Collected data:

===

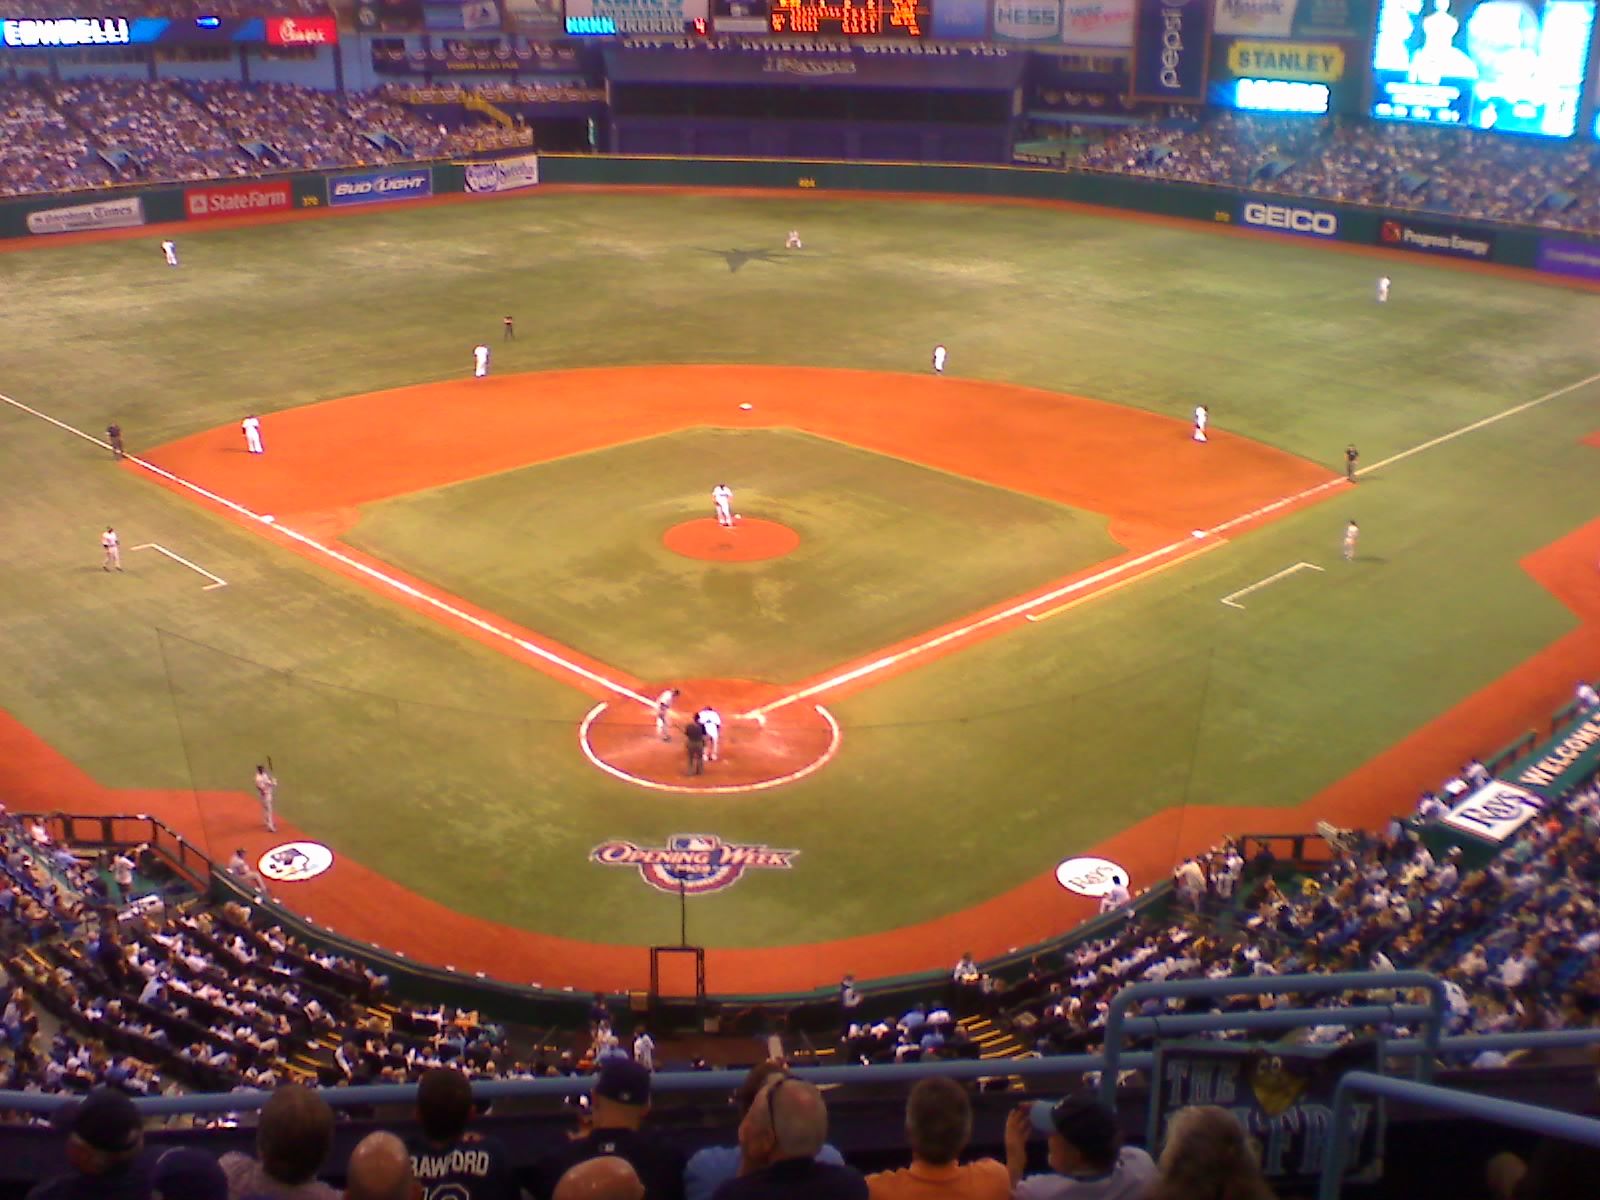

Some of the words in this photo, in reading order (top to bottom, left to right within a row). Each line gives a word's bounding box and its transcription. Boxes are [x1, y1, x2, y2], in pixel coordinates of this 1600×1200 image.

[997, 7, 1057, 25] HESS
[1238, 50, 1335, 73] STANLEY
[334, 183, 372, 197] BUD
[377, 177, 425, 193] LIGHT
[1244, 203, 1338, 235] GEICO
[1519, 712, 1600, 786] WELCOM
[600, 842, 711, 864] OPENING
[720, 844, 788, 865] WEEK
[410, 1148, 490, 1178] RAWFORD

===

About this task: Your answer must be the records above, word for word, with no pictures.

Exercise result:
Some of the words in this photo, in reading order (top to bottom, left to right within a row). Each line gives a word's bounding box and its transcription. Boxes are [x1, y1, x2, y2], in pixel coordinates of this 1600×1200 image.

[997, 7, 1057, 25] HESS
[1238, 50, 1335, 73] STANLEY
[334, 183, 372, 197] BUD
[377, 177, 425, 193] LIGHT
[1244, 203, 1338, 235] GEICO
[1519, 712, 1600, 786] WELCOM
[600, 842, 711, 864] OPENING
[720, 844, 788, 865] WEEK
[410, 1148, 490, 1178] RAWFORD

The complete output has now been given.